Hand greift nach U.S. Mß¼nzen

Wann immer im Bundestag mal wieder die Köpfe zusammengesteckt werden, Gutes kommt dabei selten heraus in den letzten Jahren. Auch wenn der Titel „Entwurf eines Gesetzes zur Abschirmung von Risiken und zur Planung der Sanierung und Abwicklung von Kreditinstituten und Finanzgruppen“ zunächst hoffnungsvoll klingen mag, verbirgt sich im Gewirr aus Artikeln, Absätzen und Paragraphen einiges an Sprengstoff. Für eine endgültige Risikoabschätzung wäre allerdings noch einiges an Nachfragen und der geschulte Blick eines Anwalts notwendig. Zunächst einige Punkte aus unserer Sicht, die wichtig sein könnten.
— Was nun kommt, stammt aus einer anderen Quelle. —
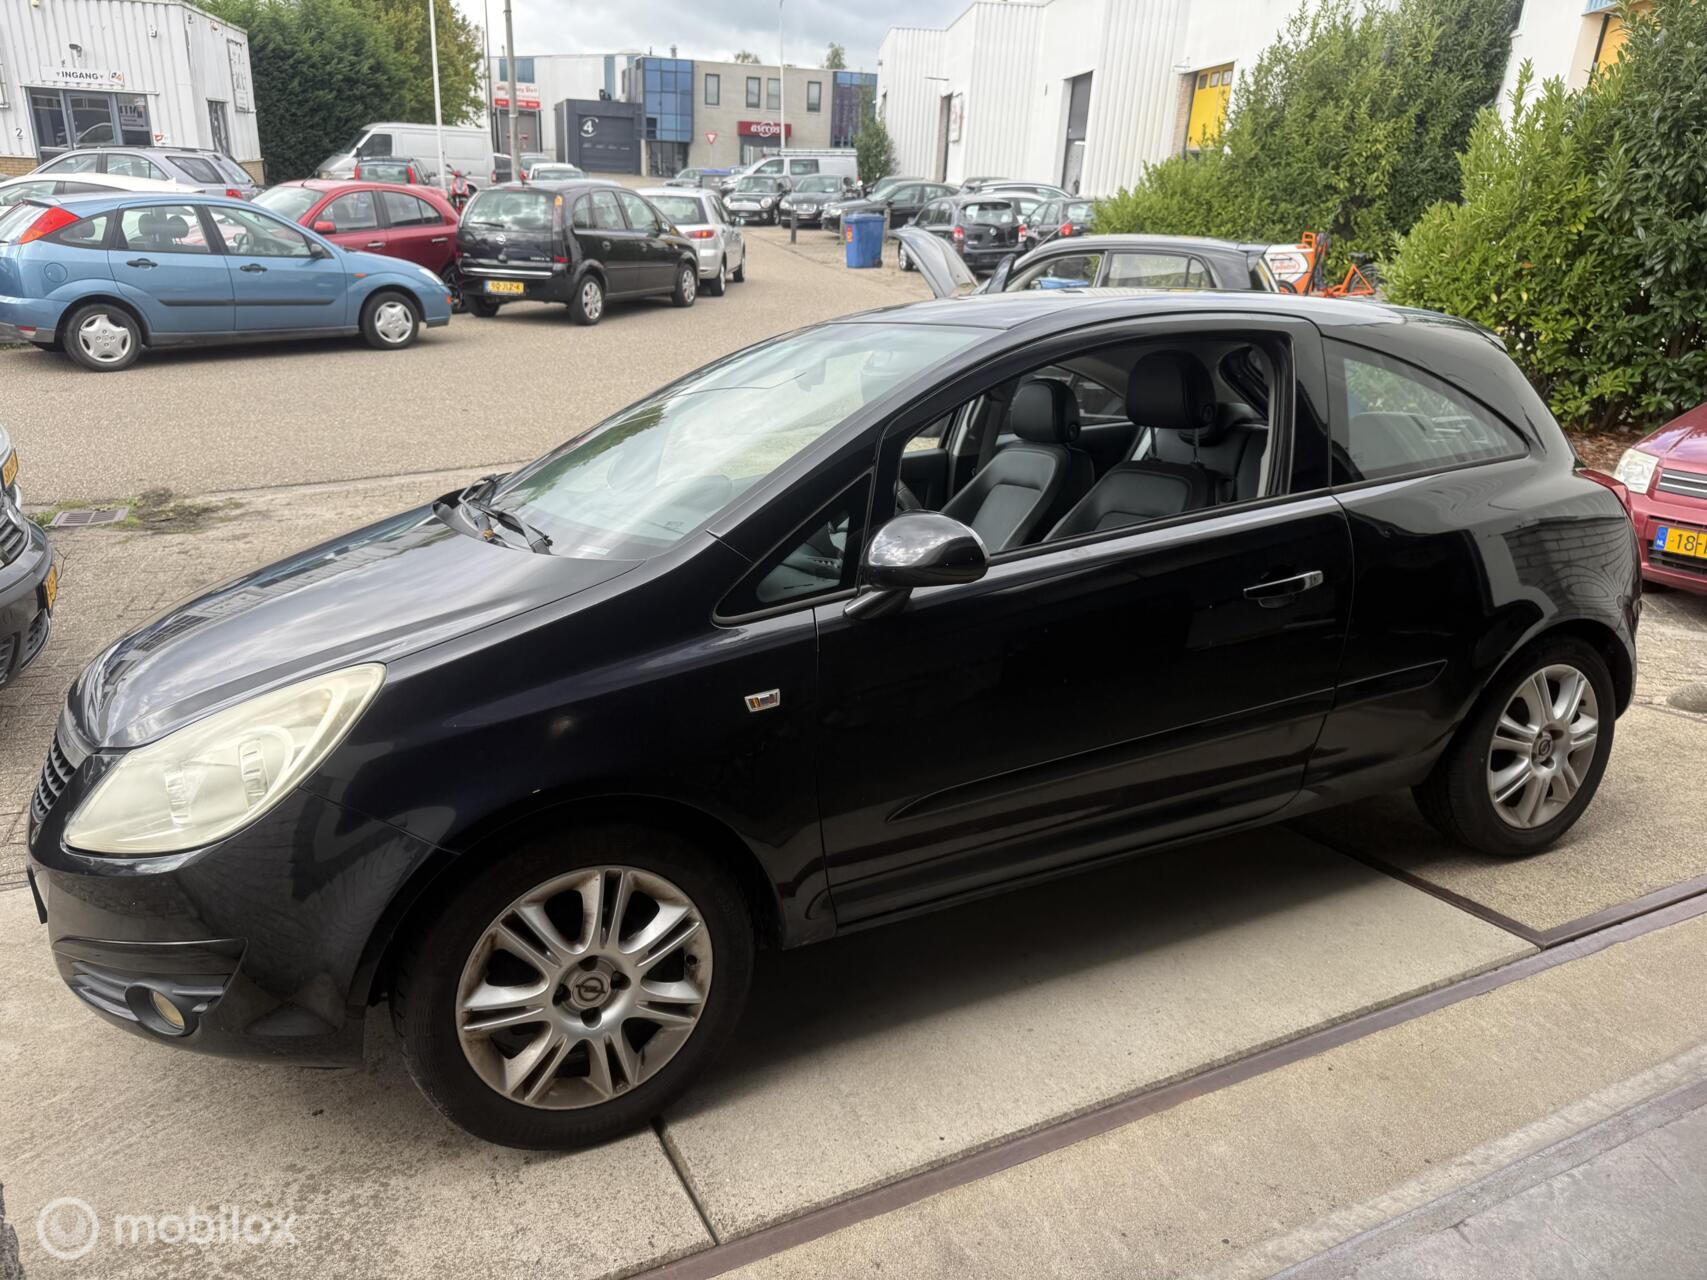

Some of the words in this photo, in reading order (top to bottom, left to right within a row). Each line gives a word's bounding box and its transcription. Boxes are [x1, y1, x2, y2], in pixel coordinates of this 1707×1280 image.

[61, 71, 99, 80] INGANG
[583, 120, 594, 133] 4
[15, 127, 24, 139] 2
[1677, 533, 1707, 554] 18-
Freitag fand im Bundestag die zweite und dritte Beratung zur Drucksache 17/12601 statt, eine Abschirmung gegen Risiken klingt auch nachvollziehbar und praktisch. Wer sich allerdings die Änderungen etwas genauer anschaut, dem dürften einige Fragen durch den Kopf schießen.
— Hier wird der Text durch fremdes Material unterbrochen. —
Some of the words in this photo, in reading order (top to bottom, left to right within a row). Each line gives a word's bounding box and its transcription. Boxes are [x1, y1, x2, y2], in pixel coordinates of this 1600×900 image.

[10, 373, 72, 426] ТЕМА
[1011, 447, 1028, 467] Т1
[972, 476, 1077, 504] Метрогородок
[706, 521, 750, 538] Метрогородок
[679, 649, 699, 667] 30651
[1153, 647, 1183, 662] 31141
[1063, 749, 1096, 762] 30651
Im Besonderen wollen wir zunächst zum § 47f Stellung nehmen. Dort heißt es:

Erstellung eines Abwicklungsplans

(1) Die Bundesanstalt erstellt einen Abwicklungsplan für jedes potentiell systemgefährdende Kreditinstitut, das nicht Teil einer potentiell systemgefährdenden Finanzgruppe ist, die einer Beaufsichtigung auf konsolidierter Basis nach Maßgabe der Bankenrichtlinie durch die Bundesanstalt unterliegt.
[…]
(2) In dem Abwicklungsplan ist dem Abwicklungsziel, eine Systemgefährdung zu vermeiden oder deren Beseitigung zu erleichtern, Rechnung zu tragen.
Soweit sie mit dem Ziel der Vermeidung oder erleichterten Beseitigung einer Systemgefährdung im Einklang stehen, sollen die folgenden weiteren Ziele berücksichtigt werden

  • 1. die Gewährleistung der Kontinuität kritischer Geschäftsaktivitäten;
  • 2. die Vermeidung der Ansteckung anderer Finanzmarktteilnehmer;
  • 3. das Bemühen, die Kosten einer Abwicklung für die Allgemeinheit möglichst gering zu halten, und der Schutz öffentlicher Mittel;
  • 4. der Schutz der unter die Richtlinie 94/19/EG fallenden Einleger und der unter die Richtlinie 97/9/EG fallenden Anleger sowie
  • 5. der Schutz der Gelder und Vermögenswerte der Kunden.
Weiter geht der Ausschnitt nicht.